Marcuse articula de forma bem ordenada e lógica os processos e feitos tecnológicos com o avanço da racionalidade, a forma da produção das ideias, e finalmente, as consequências e usos políticos dessas novas conquistas da tecnologia. Por essa razão, ele afirma que “[...] a tecnologia serve para instruir formas novas mais eficazes e mais agradáveis de controle social e coesão social”. (MARCUSE, 1967, p. 18).

O autor formulará o seu conceito de “tolerância repressiva”, na medida em que um determinado ideal de tolerância é aceito de forma geral, manifestando-se de maneira formal e aberta na cultura do capitalismo industrial. “A tolerância do pensamento positivo é a tolerância imposta – não por qualquer entidade terrorista, mas pelo poder esmagador e anônimo da sociedade tecnológica. Como tal, ela permeia a consciência geral – e a consciência da crítica”. (ibid., p. 210). A questão é que por aceitar o conceito de tolerância, e as suas práticas dentro de limites pré- estabelecidos do pensamento considerado positivo, não há espaço de fato para emancipar ou tornar autônomos, e até mesmo de libertar as classes ou agrupamentos considerados mais explorados dentro do sistema.

Segundo Ferrater Mora (2001, p. 2881), “a tolerância tem a função de reprimir semelhantes impulsos e é, portanto, repressiva em vez de libertadora”. Percebemos que até certo ponto, as noções de racionalidade em Adorno, Horkheimer e Marcuse tem seu ponto de encontro na maneira como a razão se articula socialmente para

referendar e legitimar determinados comportamentos. Marcuse demonstra que a aparência de abertura da razão representa no fundo, a essência do seu fechamento.

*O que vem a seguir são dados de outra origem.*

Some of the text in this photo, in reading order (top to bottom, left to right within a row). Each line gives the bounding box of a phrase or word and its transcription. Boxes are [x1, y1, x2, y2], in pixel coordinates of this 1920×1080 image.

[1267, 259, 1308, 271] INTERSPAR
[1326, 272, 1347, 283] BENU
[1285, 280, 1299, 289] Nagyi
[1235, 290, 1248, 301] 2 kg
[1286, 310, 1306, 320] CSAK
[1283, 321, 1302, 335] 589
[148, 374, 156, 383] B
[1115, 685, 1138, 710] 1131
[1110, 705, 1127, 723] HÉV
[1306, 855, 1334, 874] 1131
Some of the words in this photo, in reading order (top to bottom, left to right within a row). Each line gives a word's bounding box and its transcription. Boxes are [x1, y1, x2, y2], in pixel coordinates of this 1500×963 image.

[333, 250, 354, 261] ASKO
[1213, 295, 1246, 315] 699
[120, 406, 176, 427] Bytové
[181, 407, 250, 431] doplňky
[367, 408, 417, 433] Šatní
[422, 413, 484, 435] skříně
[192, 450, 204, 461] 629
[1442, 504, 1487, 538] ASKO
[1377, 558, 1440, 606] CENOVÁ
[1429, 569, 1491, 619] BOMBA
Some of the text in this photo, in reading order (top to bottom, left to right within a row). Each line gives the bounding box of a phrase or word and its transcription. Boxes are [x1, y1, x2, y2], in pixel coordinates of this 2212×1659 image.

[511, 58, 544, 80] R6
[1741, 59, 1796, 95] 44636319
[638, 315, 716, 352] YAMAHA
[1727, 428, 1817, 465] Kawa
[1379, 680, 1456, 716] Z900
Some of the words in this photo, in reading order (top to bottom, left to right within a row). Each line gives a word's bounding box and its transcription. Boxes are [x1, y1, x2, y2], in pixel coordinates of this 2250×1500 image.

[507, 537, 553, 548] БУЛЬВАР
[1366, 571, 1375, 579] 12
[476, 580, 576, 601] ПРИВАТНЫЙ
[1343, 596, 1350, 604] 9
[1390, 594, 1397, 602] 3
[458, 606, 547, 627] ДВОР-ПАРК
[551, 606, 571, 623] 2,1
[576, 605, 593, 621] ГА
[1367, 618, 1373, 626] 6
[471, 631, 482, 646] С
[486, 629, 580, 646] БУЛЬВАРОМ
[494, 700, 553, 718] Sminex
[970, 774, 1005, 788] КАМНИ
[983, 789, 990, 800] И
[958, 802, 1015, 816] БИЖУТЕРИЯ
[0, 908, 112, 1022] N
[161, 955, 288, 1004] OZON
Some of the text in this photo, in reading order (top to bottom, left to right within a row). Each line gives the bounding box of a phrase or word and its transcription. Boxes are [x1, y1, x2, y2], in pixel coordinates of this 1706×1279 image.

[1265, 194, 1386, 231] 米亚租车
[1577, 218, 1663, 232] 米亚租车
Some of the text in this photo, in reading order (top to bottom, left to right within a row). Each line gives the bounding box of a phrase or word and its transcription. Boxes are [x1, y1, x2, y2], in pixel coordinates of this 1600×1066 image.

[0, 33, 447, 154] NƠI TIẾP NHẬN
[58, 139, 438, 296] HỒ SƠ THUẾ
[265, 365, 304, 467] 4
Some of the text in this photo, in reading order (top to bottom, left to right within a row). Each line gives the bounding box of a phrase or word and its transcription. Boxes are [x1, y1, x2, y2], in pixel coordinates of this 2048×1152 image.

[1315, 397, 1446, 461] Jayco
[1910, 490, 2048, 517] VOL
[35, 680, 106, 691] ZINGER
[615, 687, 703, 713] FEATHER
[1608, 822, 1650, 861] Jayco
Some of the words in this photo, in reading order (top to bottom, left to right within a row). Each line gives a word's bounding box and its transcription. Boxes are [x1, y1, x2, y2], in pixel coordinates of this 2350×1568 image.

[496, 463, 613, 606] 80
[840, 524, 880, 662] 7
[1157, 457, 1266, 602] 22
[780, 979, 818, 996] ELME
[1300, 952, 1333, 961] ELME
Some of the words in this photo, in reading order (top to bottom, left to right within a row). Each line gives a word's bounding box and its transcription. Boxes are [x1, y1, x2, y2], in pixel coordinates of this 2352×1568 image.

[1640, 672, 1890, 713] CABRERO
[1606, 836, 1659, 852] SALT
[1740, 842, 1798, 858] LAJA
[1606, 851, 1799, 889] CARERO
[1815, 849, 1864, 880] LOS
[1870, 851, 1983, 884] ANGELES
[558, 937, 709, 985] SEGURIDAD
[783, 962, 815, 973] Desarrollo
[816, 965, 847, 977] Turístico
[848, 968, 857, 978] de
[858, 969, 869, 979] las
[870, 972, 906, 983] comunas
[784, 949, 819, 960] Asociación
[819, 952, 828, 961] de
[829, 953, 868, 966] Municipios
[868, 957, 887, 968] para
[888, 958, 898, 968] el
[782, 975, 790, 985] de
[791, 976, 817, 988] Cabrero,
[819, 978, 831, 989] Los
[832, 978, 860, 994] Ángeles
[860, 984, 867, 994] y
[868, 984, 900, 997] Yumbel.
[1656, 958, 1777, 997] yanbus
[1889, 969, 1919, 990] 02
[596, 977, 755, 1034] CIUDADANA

Para explicar isso, podemos refletir que a prática da tolerância em nossa sociedade tem um limite bem definido, que é aceito por todos que participam desse círculo social; no entanto, o que Marcuse acusa sobre a questão da tolerância, é que esta, neste caso, como um produto final da racionalidade e de repressão do instinto, torna-se no fundo mais um elemento de repressão do Estado e do capital. Portanto, nesse sentido, a tolerância jamais seria de fato um meio pelo qual é possível transformar uma determinada sociedade, que realmente aceita, compreende e respeita as formas de ser e pensar de seus membros, independentemente de credo, política ou orientação sexual. Marcuse alinha duas palavras que até então se contrapunham: tolerância e repressão; o problema é que a tolerância se torna uma repressão velada, colocando os limites e possibilidades desta forma de agir em nossa sociedade.